:: EXERCISE DETAILS ::
The listing below should be printed in full and exactly, apart from its images.

___ RECORD EXTRACTS

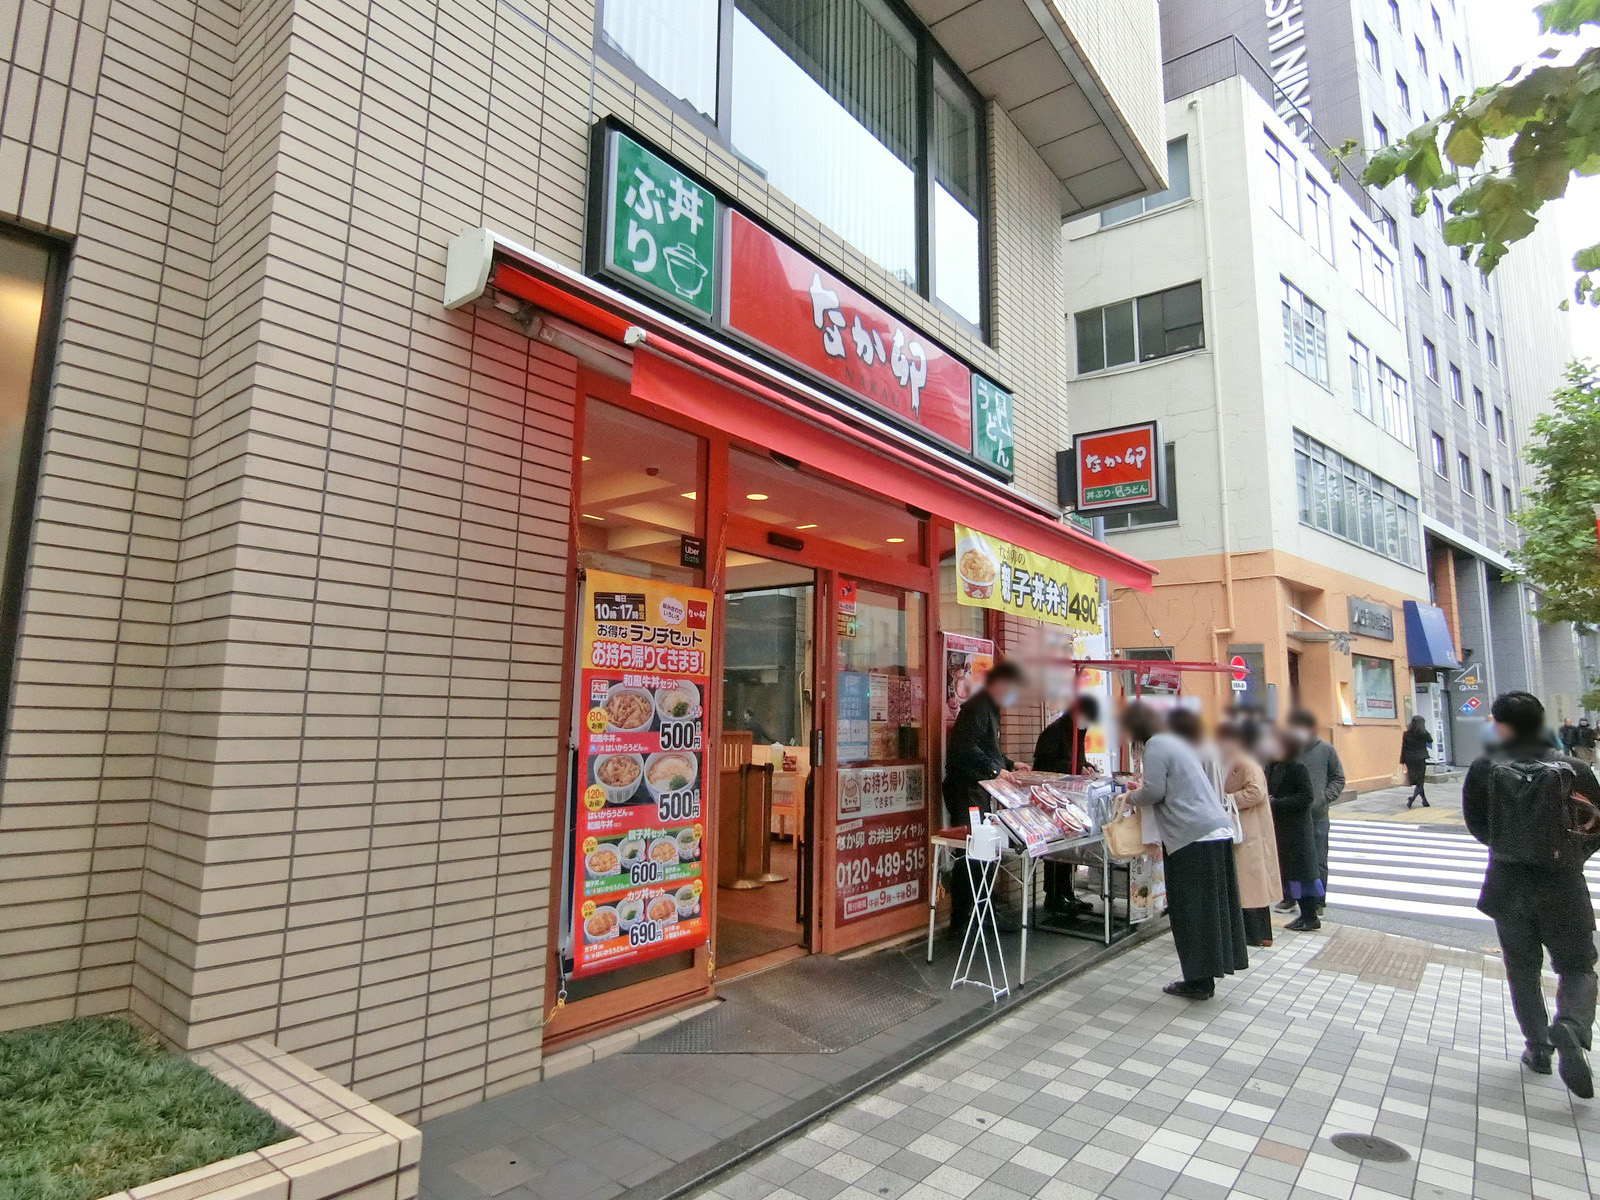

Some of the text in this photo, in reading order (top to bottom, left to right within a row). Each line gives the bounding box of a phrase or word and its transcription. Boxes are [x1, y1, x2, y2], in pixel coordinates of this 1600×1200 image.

[810, 271, 927, 419] なか卯
[844, 366, 900, 408] NAKAU
[1085, 446, 1147, 474] なか卯
[684, 546, 699, 556] Uber
[684, 554, 699, 563] Eats
[614, 594, 627, 602] 毎日
[688, 608, 707, 622] なか卯
[593, 682, 608, 693] 大盛
[623, 674, 679, 691] 和風牛丼セット
[862, 771, 905, 795] お持ち帰り
[873, 797, 894, 809] できます
[627, 887, 666, 902] カツ丼セット
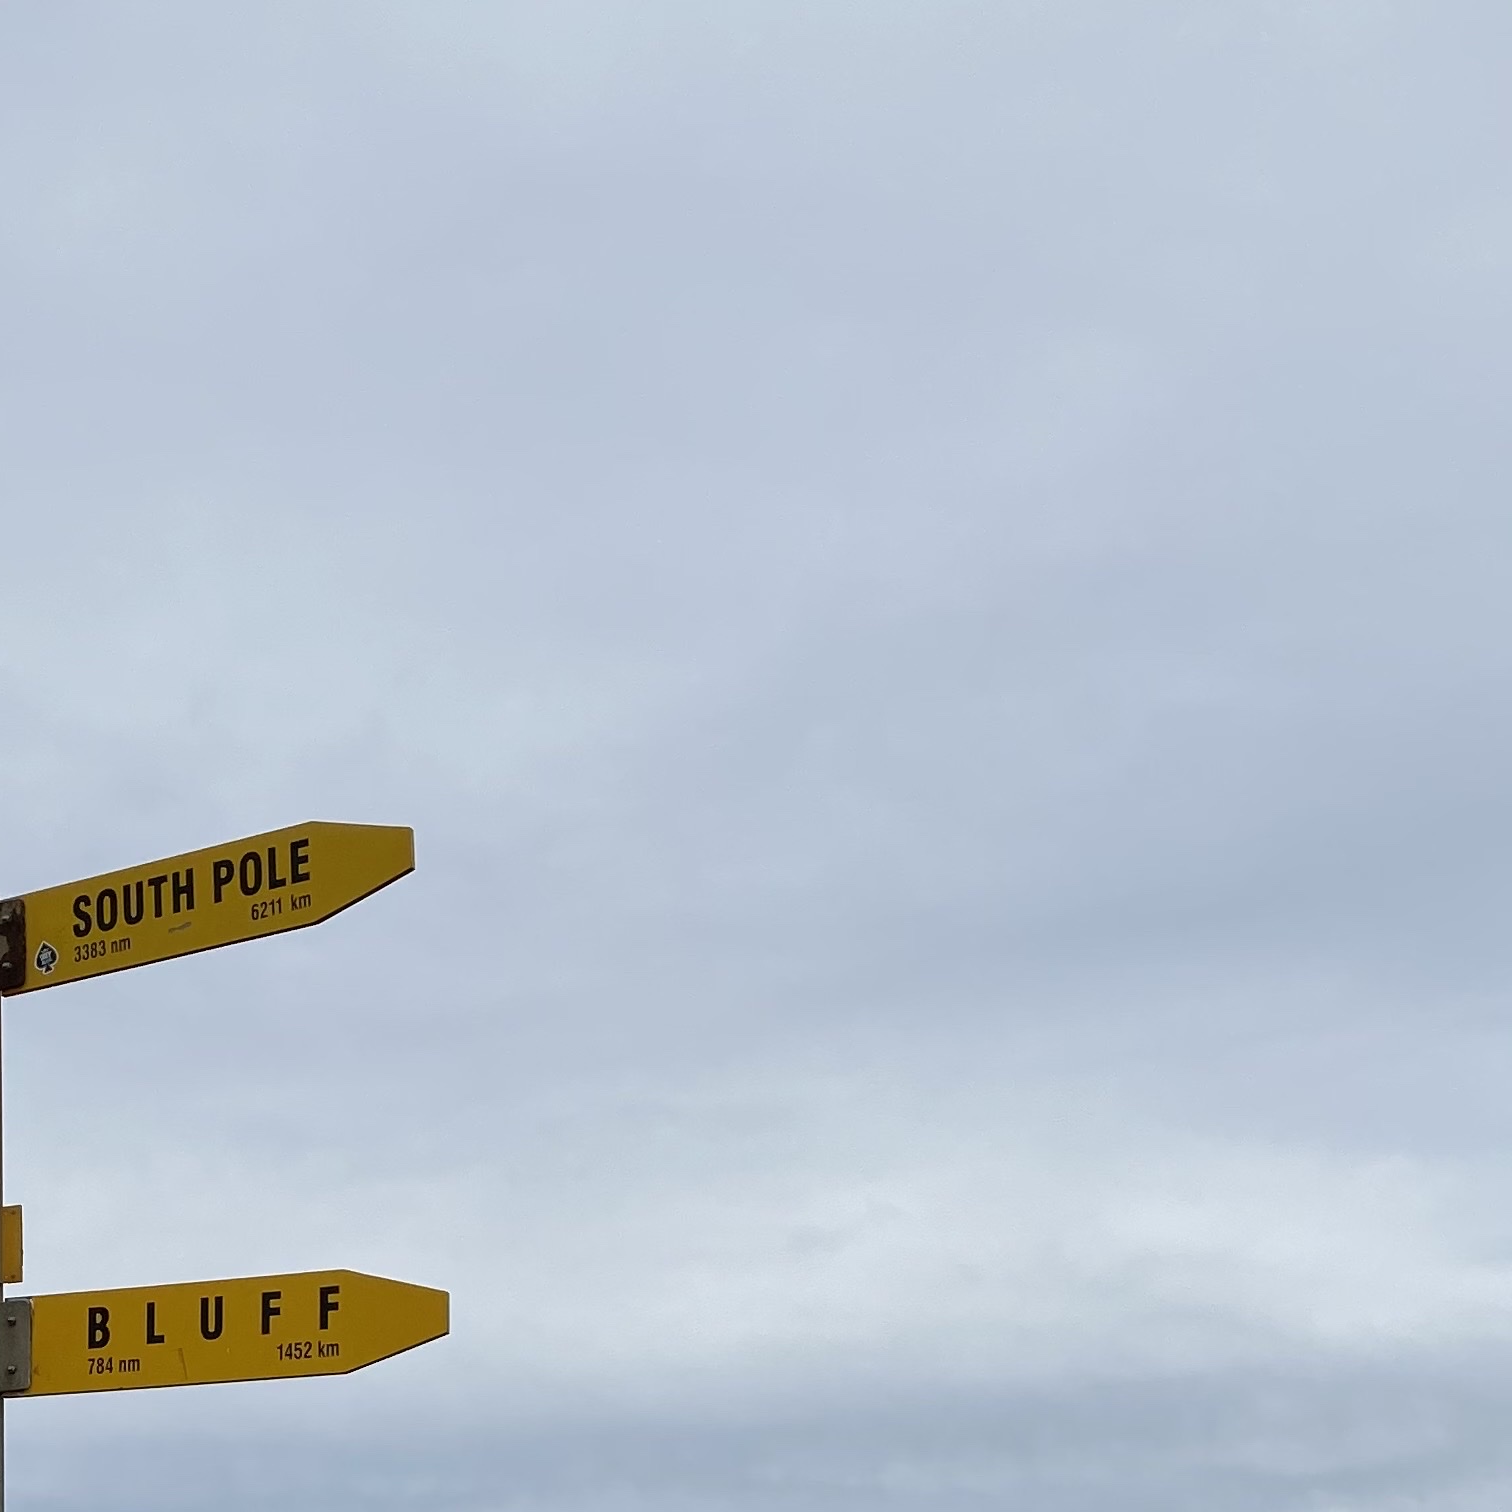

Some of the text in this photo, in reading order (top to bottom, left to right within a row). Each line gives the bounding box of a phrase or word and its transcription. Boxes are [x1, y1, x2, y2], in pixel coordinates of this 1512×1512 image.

[72, 837, 311, 938] SOUTH POLE
[251, 893, 312, 921] 6211 km
[74, 939, 107, 963] 3383
[110, 936, 131, 954] nm
[87, 1284, 340, 1350] BLUFF
[276, 1339, 340, 1361] 1452 km
[87, 1357, 140, 1376] 784 nm

______

:: EXPECTED ANSWER ::
Some of the text in this photo, in reading order (top to bottom, left to right within a row). Each line gives the bounding box of a phrase or word and its transcription. Boxes are [x1, y1, x2, y2], in pixel coordinates of this 1600×1200 image.

[810, 271, 927, 419] なか卯
[844, 366, 900, 408] NAKAU
[1085, 446, 1147, 474] なか卯
[684, 546, 699, 556] Uber
[684, 554, 699, 563] Eats
[614, 594, 627, 602] 毎日
[688, 608, 707, 622] なか卯
[593, 682, 608, 693] 大盛
[623, 674, 679, 691] 和風牛丼セット
[862, 771, 905, 795] お持ち帰り
[873, 797, 894, 809] できます
[627, 887, 666, 902] カツ丼セット

Some of the text in this photo, in reading order (top to bottom, left to right within a row). Each line gives the bounding box of a phrase or word and its transcription. Boxes are [x1, y1, x2, y2], in pixel coordinates of this 1512×1512 image.

[72, 837, 311, 938] SOUTH POLE
[251, 893, 312, 921] 6211 km
[74, 939, 107, 963] 3383
[110, 936, 131, 954] nm
[87, 1284, 340, 1350] BLUFF
[276, 1339, 340, 1361] 1452 km
[87, 1357, 140, 1376] 784 nm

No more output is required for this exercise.